What you need to do → Could you copy all of the records below exactly as they appear?

[Stored records]
***

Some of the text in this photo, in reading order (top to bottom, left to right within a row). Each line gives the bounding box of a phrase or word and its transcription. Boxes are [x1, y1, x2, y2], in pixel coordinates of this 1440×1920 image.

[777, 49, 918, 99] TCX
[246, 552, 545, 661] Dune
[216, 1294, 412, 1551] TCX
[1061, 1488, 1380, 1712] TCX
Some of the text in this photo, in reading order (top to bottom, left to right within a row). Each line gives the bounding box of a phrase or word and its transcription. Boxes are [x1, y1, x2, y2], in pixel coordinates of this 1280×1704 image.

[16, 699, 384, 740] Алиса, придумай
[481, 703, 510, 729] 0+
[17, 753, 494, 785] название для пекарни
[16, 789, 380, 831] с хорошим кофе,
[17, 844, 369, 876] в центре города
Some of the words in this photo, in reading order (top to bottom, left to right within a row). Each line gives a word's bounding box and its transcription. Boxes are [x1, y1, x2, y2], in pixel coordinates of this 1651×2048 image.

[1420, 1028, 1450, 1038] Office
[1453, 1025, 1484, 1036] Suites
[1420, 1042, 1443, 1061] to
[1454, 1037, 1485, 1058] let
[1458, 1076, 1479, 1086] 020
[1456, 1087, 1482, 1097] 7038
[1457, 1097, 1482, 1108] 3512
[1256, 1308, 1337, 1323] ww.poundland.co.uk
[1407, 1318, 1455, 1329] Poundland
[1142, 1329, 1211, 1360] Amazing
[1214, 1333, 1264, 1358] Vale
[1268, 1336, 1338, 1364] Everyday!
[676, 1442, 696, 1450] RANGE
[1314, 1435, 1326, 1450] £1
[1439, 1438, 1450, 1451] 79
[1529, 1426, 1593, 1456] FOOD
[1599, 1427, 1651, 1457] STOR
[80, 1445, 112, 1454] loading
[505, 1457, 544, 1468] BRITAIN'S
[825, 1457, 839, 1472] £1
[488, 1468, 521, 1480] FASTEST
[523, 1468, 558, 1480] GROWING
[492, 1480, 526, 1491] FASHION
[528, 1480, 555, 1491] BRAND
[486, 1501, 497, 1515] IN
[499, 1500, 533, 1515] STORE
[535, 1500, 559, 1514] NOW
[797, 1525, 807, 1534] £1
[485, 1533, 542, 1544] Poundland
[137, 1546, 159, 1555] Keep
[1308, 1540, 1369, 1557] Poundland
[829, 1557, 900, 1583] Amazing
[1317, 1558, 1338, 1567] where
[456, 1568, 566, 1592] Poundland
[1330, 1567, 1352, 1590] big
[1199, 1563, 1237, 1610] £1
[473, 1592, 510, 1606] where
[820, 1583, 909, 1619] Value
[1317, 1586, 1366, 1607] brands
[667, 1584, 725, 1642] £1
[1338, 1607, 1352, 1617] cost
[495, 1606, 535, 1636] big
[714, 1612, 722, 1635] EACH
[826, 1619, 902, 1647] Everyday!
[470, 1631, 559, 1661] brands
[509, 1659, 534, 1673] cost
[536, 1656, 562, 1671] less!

***

Completed task →
Some of the text in this photo, in reading order (top to bottom, left to right within a row). Each line gives the bounding box of a phrase or word and its transcription. Boxes are [x1, y1, x2, y2], in pixel coordinates of this 1440×1920 image.

[777, 49, 918, 99] TCX
[246, 552, 545, 661] Dune
[216, 1294, 412, 1551] TCX
[1061, 1488, 1380, 1712] TCX
Some of the text in this photo, in reading order (top to bottom, left to right within a row). Each line gives the bounding box of a phrase or word and its transcription. Boxes are [x1, y1, x2, y2], in pixel coordinates of this 1280×1704 image.

[16, 699, 384, 740] Алиса, придумай
[481, 703, 510, 729] 0+
[17, 753, 494, 785] название для пекарни
[16, 789, 380, 831] с хорошим кофе,
[17, 844, 369, 876] в центре города
Some of the words in this photo, in reading order (top to bottom, left to right within a row). Each line gives a word's bounding box and its transcription. Boxes are [x1, y1, x2, y2], in pixel coordinates of this 1651×2048 image.

[1420, 1028, 1450, 1038] Office
[1453, 1025, 1484, 1036] Suites
[1420, 1042, 1443, 1061] to
[1454, 1037, 1485, 1058] let
[1458, 1076, 1479, 1086] 020
[1456, 1087, 1482, 1097] 7038
[1457, 1097, 1482, 1108] 3512
[1256, 1308, 1337, 1323] ww.poundland.co.uk
[1407, 1318, 1455, 1329] Poundland
[1142, 1329, 1211, 1360] Amazing
[1214, 1333, 1264, 1358] Vale
[1268, 1336, 1338, 1364] Everyday!
[676, 1442, 696, 1450] RANGE
[1314, 1435, 1326, 1450] £1
[1439, 1438, 1450, 1451] 79
[1529, 1426, 1593, 1456] FOOD
[1599, 1427, 1651, 1457] STOR
[80, 1445, 112, 1454] loading
[505, 1457, 544, 1468] BRITAIN'S
[825, 1457, 839, 1472] £1
[488, 1468, 521, 1480] FASTEST
[523, 1468, 558, 1480] GROWING
[492, 1480, 526, 1491] FASHION
[528, 1480, 555, 1491] BRAND
[486, 1501, 497, 1515] IN
[499, 1500, 533, 1515] STORE
[535, 1500, 559, 1514] NOW
[797, 1525, 807, 1534] £1
[485, 1533, 542, 1544] Poundland
[137, 1546, 159, 1555] Keep
[1308, 1540, 1369, 1557] Poundland
[829, 1557, 900, 1583] Amazing
[1317, 1558, 1338, 1567] where
[456, 1568, 566, 1592] Poundland
[1330, 1567, 1352, 1590] big
[1199, 1563, 1237, 1610] £1
[473, 1592, 510, 1606] where
[820, 1583, 909, 1619] Value
[1317, 1586, 1366, 1607] brands
[667, 1584, 725, 1642] £1
[1338, 1607, 1352, 1617] cost
[495, 1606, 535, 1636] big
[714, 1612, 722, 1635] EACH
[826, 1619, 902, 1647] Everyday!
[470, 1631, 559, 1661] brands
[509, 1659, 534, 1673] cost
[536, 1656, 562, 1671] less!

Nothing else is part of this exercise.